I’m sitting in my office listening to the Herbal Highway and inhaling heavy doses of Hyssop (organic) essential oil. Believe it or not, it’s not Young Living! AAAH! I’m a traitor. Well no, just a smart shopper. It was less expensive, still organic, and part of the ingredients for my sweetening spell last week. Speaking of…

In the last week it seems like I’ve been slowly dropping off the grid. Each time I say that to myself I visualize an egg sliding off the side of a car. I’m reading posts and status updates, twitter conversations by friends and my mental grip on the virtual world is… has, relaxed. I’m at the point where I’m questioning the fist and fingers as well as the immaterial connection that the internet offers.

I think that is parable for my life at the moment.

Over the last 20 + years I have spent my life almost entirely to a journey towards the self. Who am I? Why am I? What am I? The path was fraught with dangers, swollen with love, coming together, moving apart, and travels to places I hadn’t thought I would ever see. There has always been an undercurrent of discontent. An itch, something I call my Gypsy Spirit, that has caused travel. And travel has “been had.”

I’ve been around the world and I, I , I… I have found something I called my self thanks to that urge to move about.

Thursday as I showered before work, I thought to myself “Found and Lost.” You see, now that I am (think I am?) finally in touch with what I identify as the true me, I’m realizing that I am lost about my direction. There is a giant sign that says You Are Here but there doesn’t seem to be a signpost of where to go next.

It’s nothing but a bit of confusion, I’m fairly certain of the feeling and texture of that “I’ that I know but the manifestation is about as elusive as a Quetzal.
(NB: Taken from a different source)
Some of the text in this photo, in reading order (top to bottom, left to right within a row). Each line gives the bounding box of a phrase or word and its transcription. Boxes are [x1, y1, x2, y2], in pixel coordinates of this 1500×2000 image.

That tiny, gorgeously plumed little bird that I only had the smallest of glimpses of while I was in Guatemala.

A flash of color in the peripheral, through the green and mist of the jungle.
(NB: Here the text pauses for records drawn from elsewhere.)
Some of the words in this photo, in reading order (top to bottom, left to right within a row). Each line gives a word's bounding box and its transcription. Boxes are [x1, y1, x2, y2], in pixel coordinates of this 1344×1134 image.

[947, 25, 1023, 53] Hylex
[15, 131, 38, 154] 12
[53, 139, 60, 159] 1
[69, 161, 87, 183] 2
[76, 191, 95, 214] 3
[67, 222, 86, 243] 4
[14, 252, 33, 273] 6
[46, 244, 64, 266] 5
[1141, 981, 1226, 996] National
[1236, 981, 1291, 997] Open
I feel it coming. I hear the whisper of wings. I know the color as a flavor, and a feeling but I cannot define it. Like the Quetzal it feels real and bright, if I could just wrap my vision around it… I guess that falls into this weeks reading.

The path is calling. The draw to move into a new direction, or begin a new project is felt, but just not yet. Test the waters, refine your thoughts, mull over a cup of tea and have a little faith.
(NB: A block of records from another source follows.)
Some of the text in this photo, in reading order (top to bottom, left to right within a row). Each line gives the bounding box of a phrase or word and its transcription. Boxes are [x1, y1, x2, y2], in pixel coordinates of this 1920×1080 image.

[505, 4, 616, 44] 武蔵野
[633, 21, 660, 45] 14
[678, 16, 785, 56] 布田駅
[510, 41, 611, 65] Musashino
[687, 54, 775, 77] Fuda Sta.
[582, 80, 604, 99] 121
Be innocent with yourself.

So… I guess that is where I will unroot myself, to move with trust. To be the Fool. Embrace my spirit.

Temple of Witchcraft Journey

The Living Temple of Witchcraft (ToLW) work is going well. It’s definitely part of the process unfolding. I’ve moved through the first two Chakra Initiations with little issue while integrating the experiences from the Inner Mystery School. To explain that, in the series we create / discover the Inner Temple. Thus the name of the first book in the series, Inner Temple of Witchcraft. In the LToW we focus the energies of our inner temple to become a place of learning or a “mystery school,” where the journey takes place.

For example, the first series of exercises were based around the Root (Muladhara) brought me into connection with life and energy associated with first peoples, or ancient civilizations. I didn’t see Atlantis, Mu, or even Lemuria. I believe I was somewhere in Northern Africa. Who and when that was irrelevant to you but the message was interestingly clear from a two spirit called Aya-ut.

Aya-ut was a weaver. He drew reeds from the marshes and with the use of mud, stone, and plant materials he traveled with his people up and down a river fishing, gathering, living. He was a male but lived and dressed as a female, he participated in the women’s duties. Aya-ut was a spiritual functionary… and that is to say it felt as if everyone had a sense of their place within the spiritual cosmology that was woven but Aya-ut provided the weave for his people through story, song, and the tales woven into his baskets.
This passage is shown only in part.